THIS IS A RECIPE FOR DISASTER.

If you're exposing either your eyes or your camera to dangerous sunlight such that you need protection in the first place, photographic filters of any kind and in any combination will NOT provide said protection.
Here is a description of the B+W Neutral Density Filter 113, which has an optical density of ND4.0:

With its light reducing capability of 13 f-stops, this B+W Neutral Density Filter is used in astronomy for photographs of the sun and for recording the relative movements of heavenly bodies as light traces in extremely long exposure times. For photographs of the sun, this filter must be positioned in front of the lens and under no circumstances should it be located near the primary focus in front of, or behind the eyepiece because of the intense heat at those locations. It must not be used for observation of the sun (danger of blindness) due to its greater transmission in the infrared range. The filter factor is 10000x.

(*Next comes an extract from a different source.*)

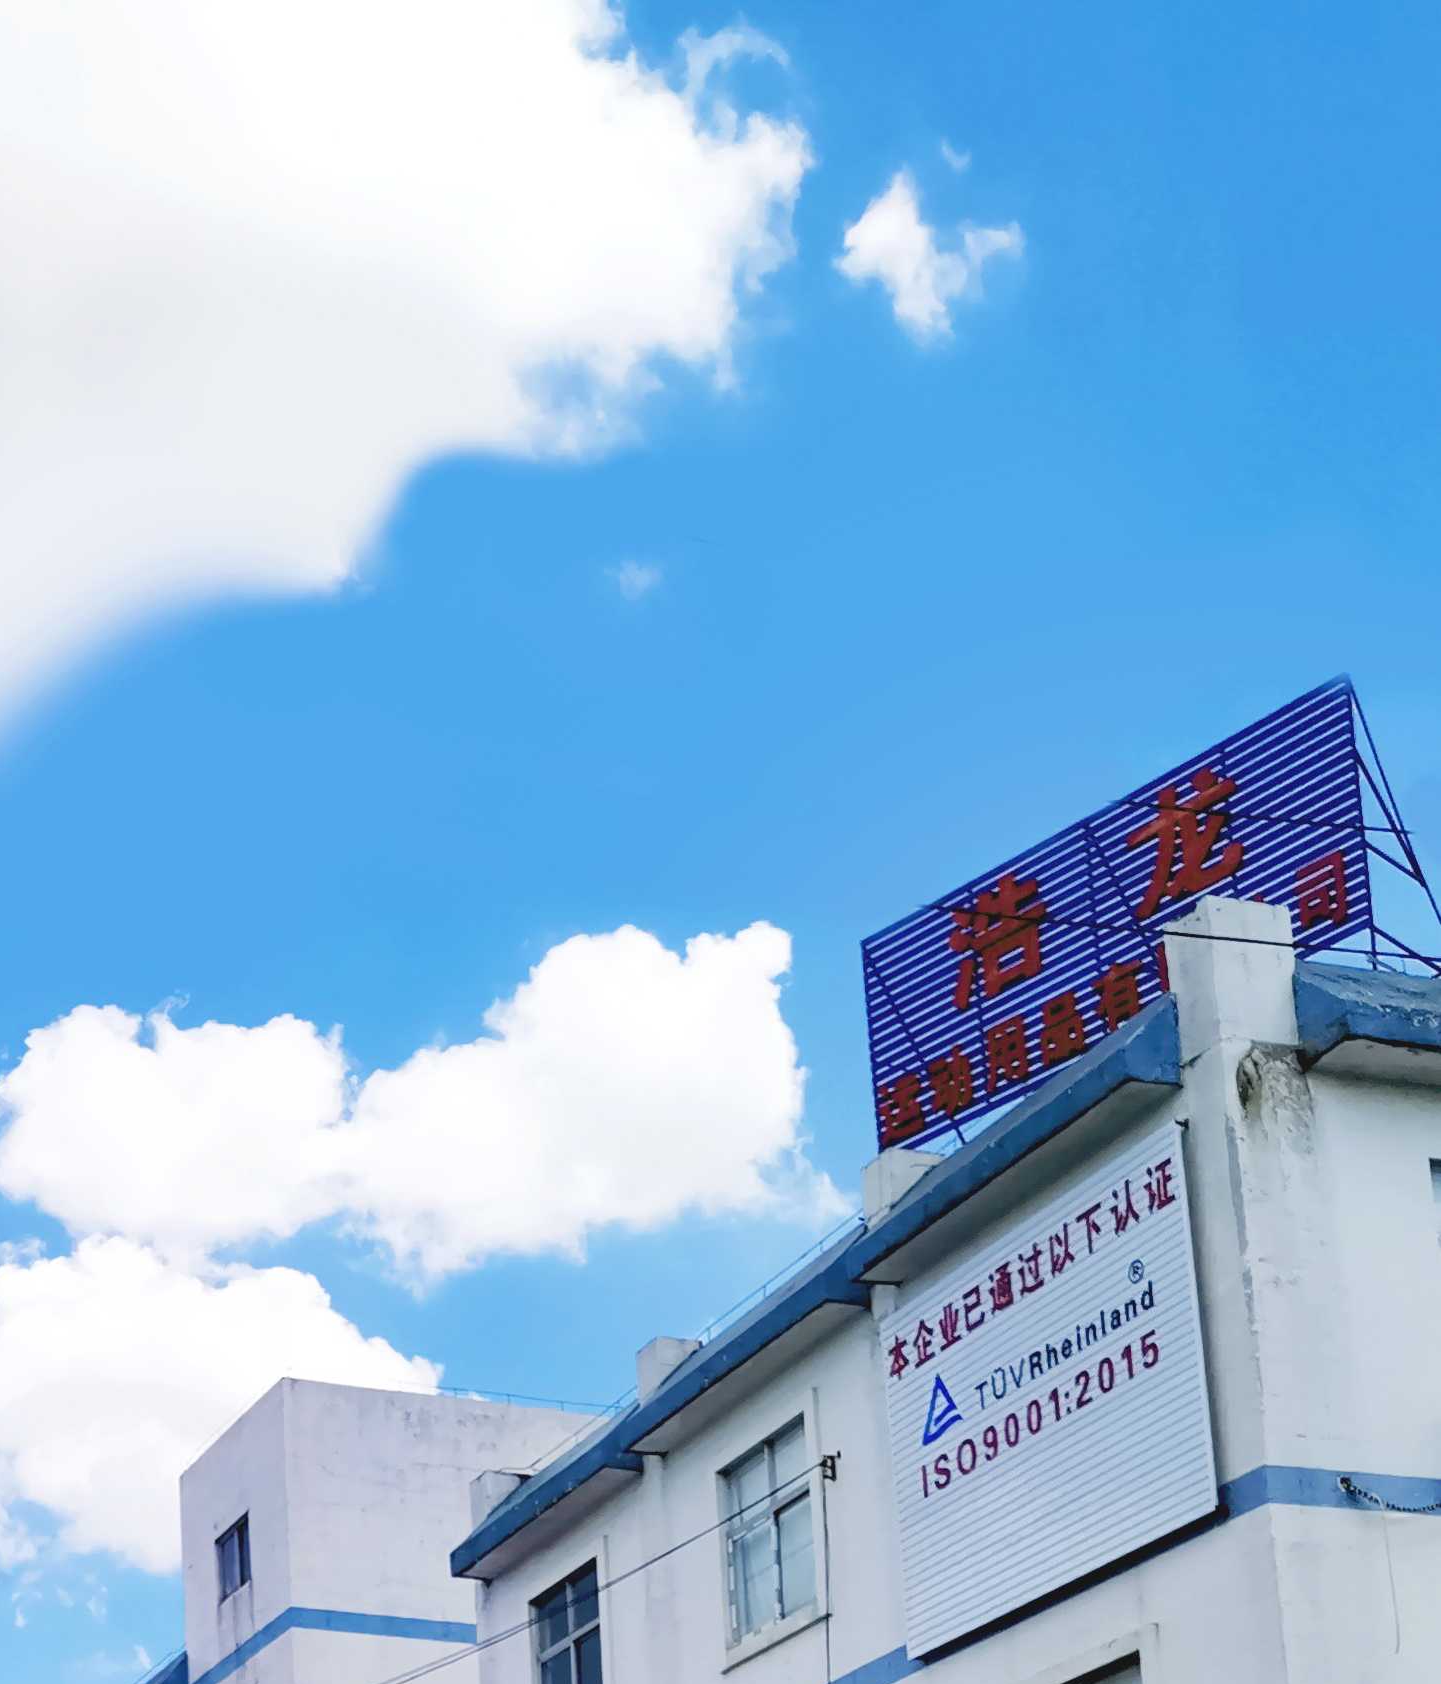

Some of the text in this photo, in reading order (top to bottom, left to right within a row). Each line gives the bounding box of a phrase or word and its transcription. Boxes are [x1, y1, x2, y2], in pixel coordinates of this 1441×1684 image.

[889, 1158, 1176, 1380] 本企业已通过以下认证
[921, 1329, 1160, 1499] ISO9001:2015

The optical density I've used is ND3.9, which is ~8000x light reduction.  ND4 is 10000x.  Because of this difference I only use a highly stopped down aperture and a fast shutter speed when photographing the sun.  My camera appears completely fine after doing this, as do my lenses.  My eyes were protected because I exclusively used Live View for framing, focus and the shot.  While I would agree that lower optical densities would certainly cause damage, in my own experience ND3.9 or greater optical density provides sufficient protection for very short framing/focus time and exposures.  The biggest danger in my opinion is that Live View continuously exposes the sensor to the sun, so the time spent framing and focusing must be minimized.

Quote from: TrumpetPower!
If the camera or your eyes are going to be pointed at the sun for more than a second more than once or twice, you need some sort of real protection. For your eyes, that means welding glass or eclipse glasses or the like. For your camera most especially if you yourself will be looking through the viewfinder that means either comparable protection or covering the front element (with the lens cap, etc.) when you're not actively making an exposure.
I already said in an earlier post that it would be unsafe to look through a viewfinder at ND3.9, and this echoes Drizzt321's comments.  Only use Live View instead.  I agree that minimizing framing/focus time is important, as well as using eclipse glasses if you are actually going to look at the sun at all.  Also essential is to use manual focus because the camera can't do phase correlation auto focus with black glass in front.  Here is what happens when you point a 600mm lens at the sun without adequate protection (see the section titled "Don't Try This at Home"): http://www.the-digital-picture.com/Help/Flare.aspx
« Last Edit: May 09, 2012, 11:50:02 AM by jabbott »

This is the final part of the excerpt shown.